---------- DATA SECTION ----------
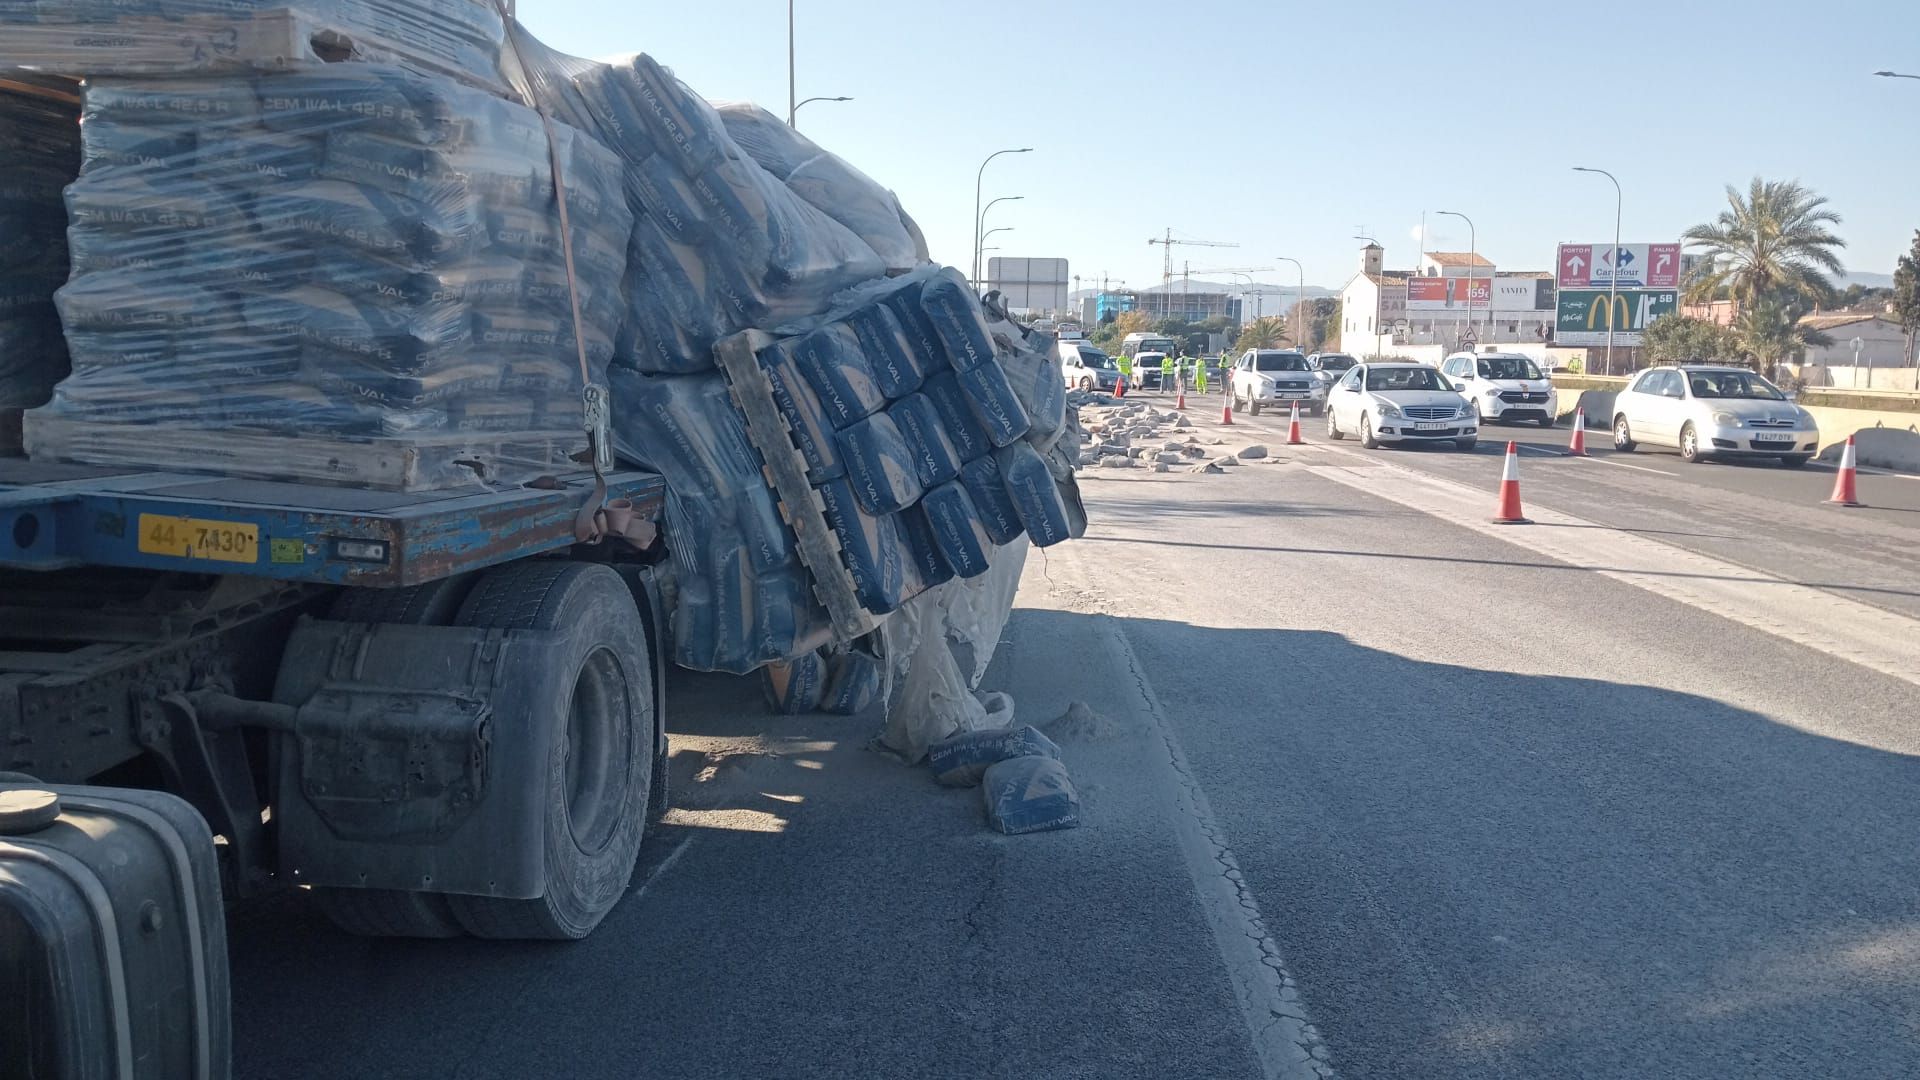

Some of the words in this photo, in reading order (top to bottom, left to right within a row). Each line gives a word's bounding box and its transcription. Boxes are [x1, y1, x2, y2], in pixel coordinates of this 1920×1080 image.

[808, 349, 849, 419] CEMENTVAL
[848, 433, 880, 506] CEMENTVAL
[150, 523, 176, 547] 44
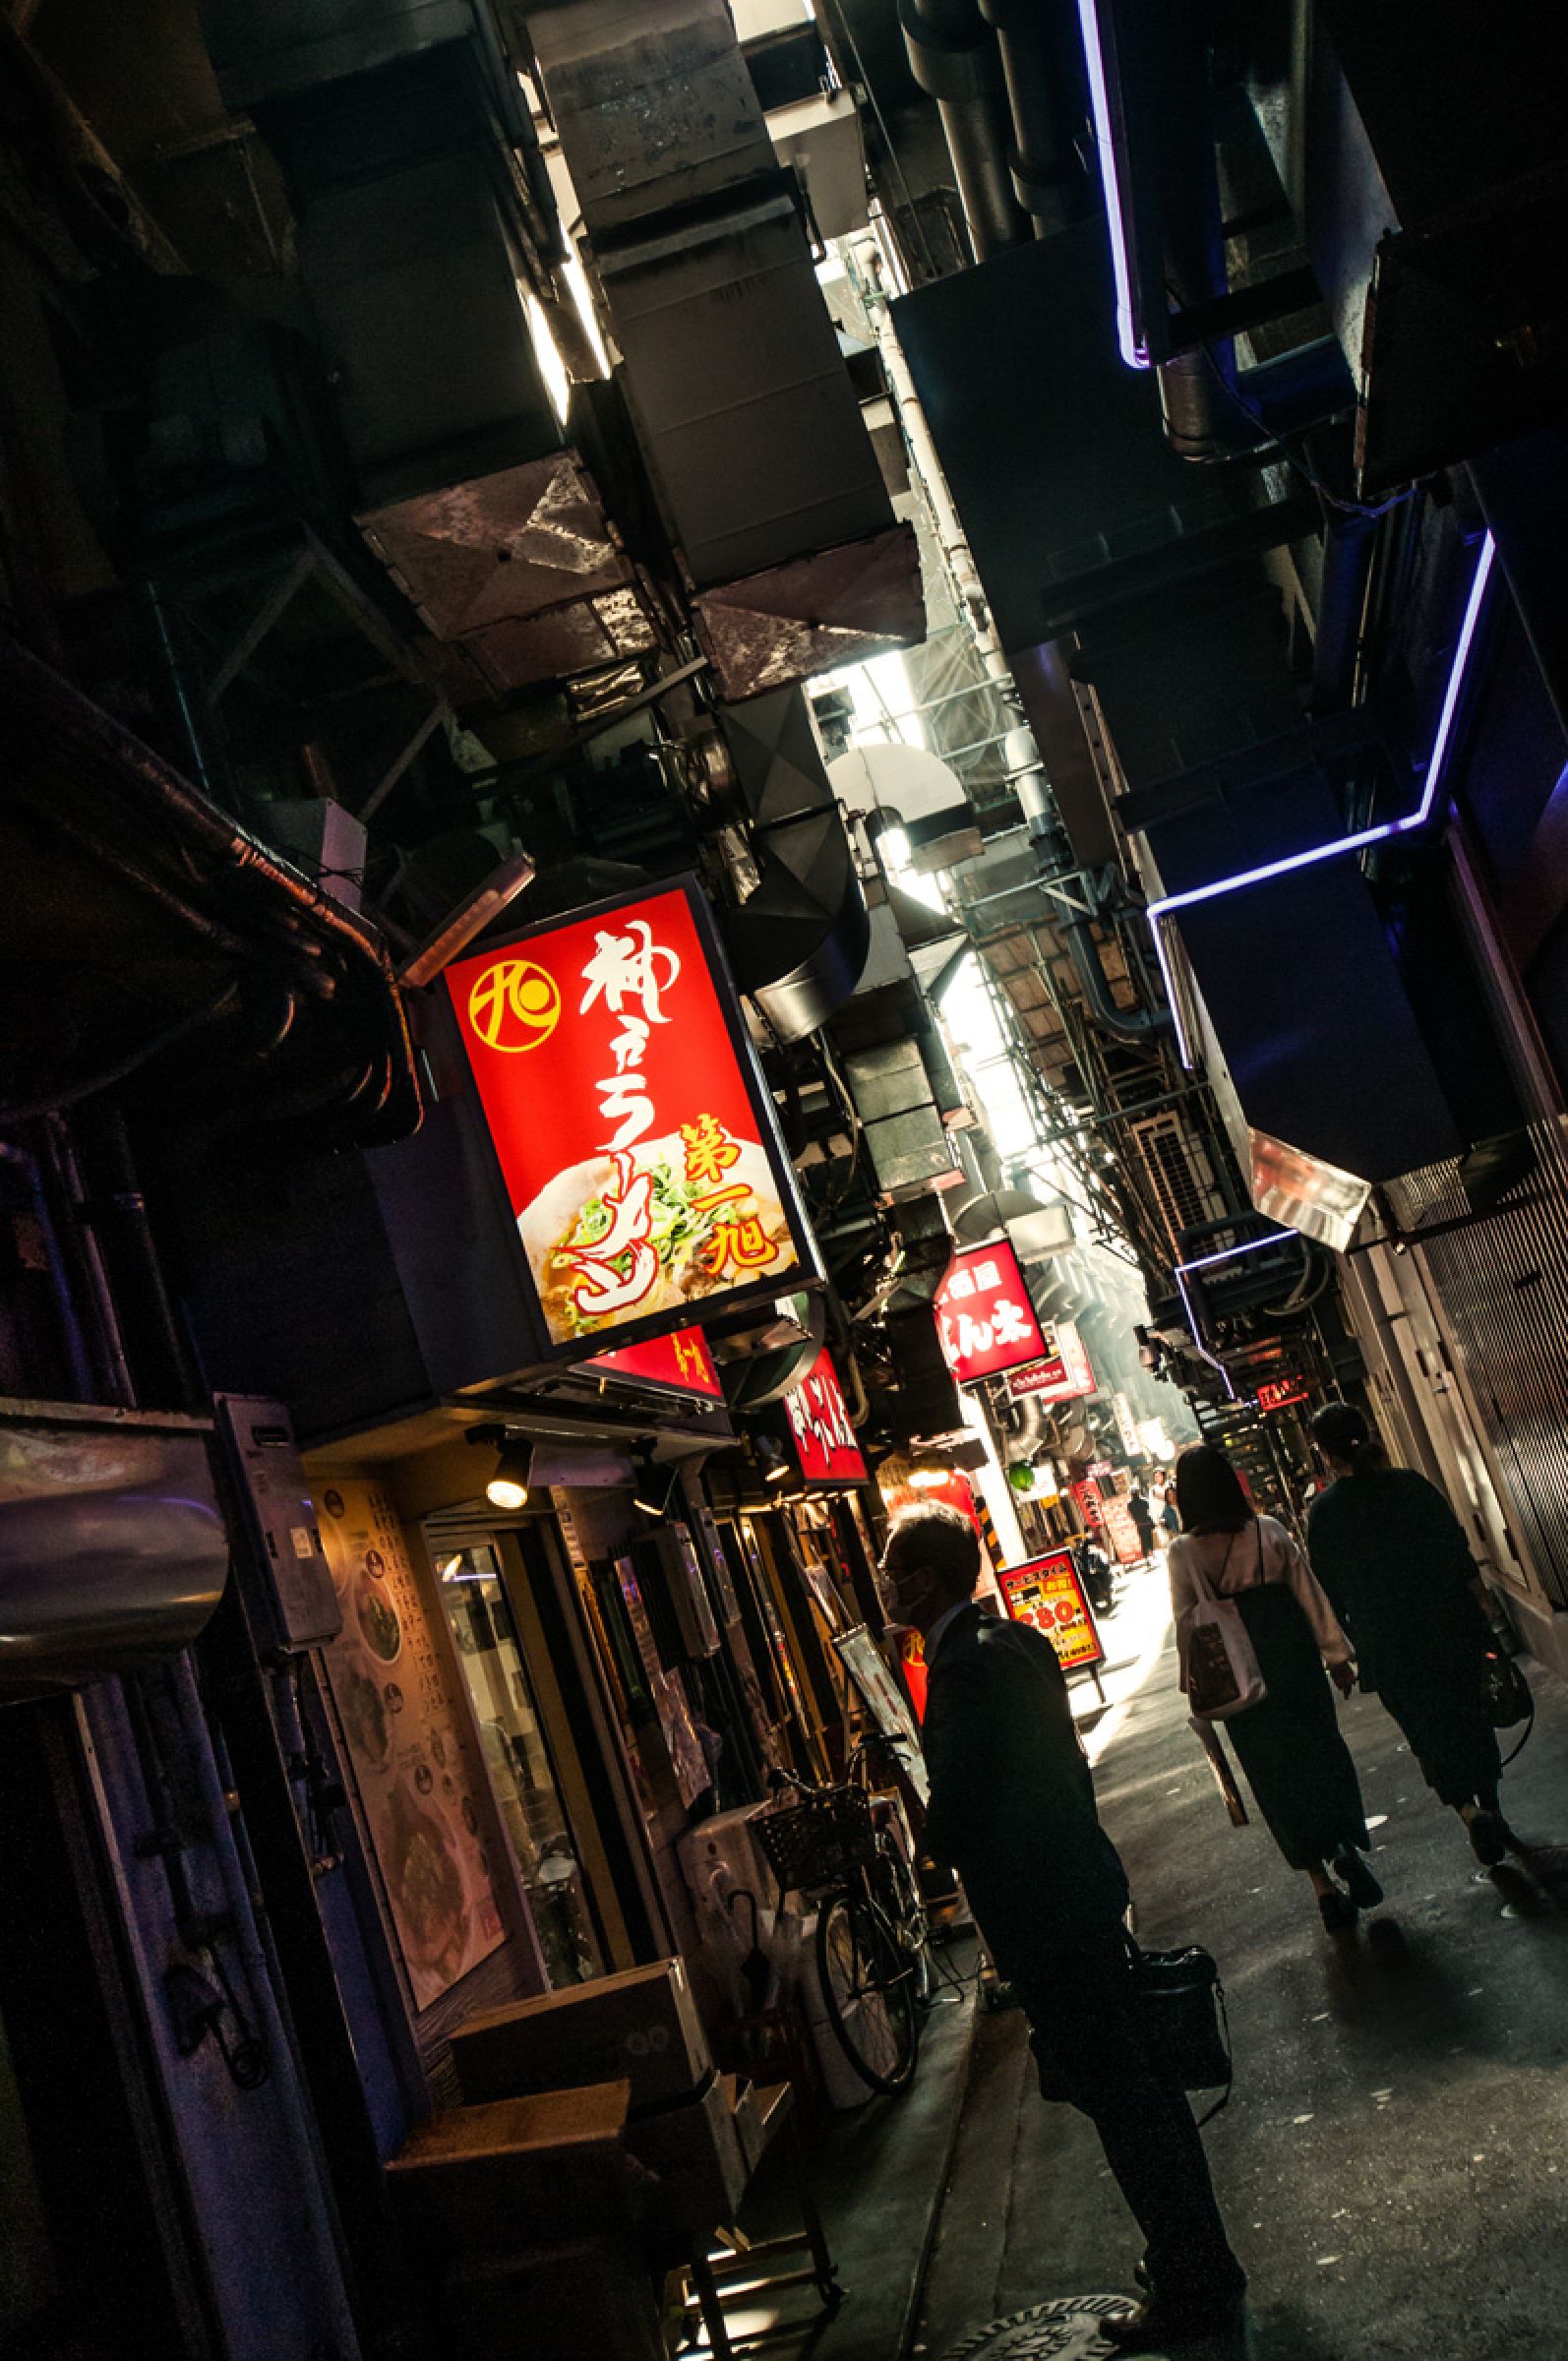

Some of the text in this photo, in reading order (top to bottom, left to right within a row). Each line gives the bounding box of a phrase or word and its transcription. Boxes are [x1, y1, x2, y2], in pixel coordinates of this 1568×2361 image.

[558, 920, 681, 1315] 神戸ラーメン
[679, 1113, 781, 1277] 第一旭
----------
> _TASK TO COMPLETE_:
Reproduce the data word for word; no pictures.

> _TASK ANSWER_:
Some of the words in this photo, in reading order (top to bottom, left to right within a row). Each line gives a word's bounding box and its transcription. Boxes are [x1, y1, x2, y2], in pixel coordinates of this 1920×1080 image.

[808, 349, 849, 419] CEMENTVAL
[848, 433, 880, 506] CEMENTVAL
[150, 523, 176, 547] 44

Some of the text in this photo, in reading order (top to bottom, left to right within a row). Each line gives the bounding box of a phrase or word and its transcription. Boxes are [x1, y1, x2, y2], in pixel coordinates of this 1568×2361 image.

[558, 920, 681, 1315] 神戸ラーメン
[679, 1113, 781, 1277] 第一旭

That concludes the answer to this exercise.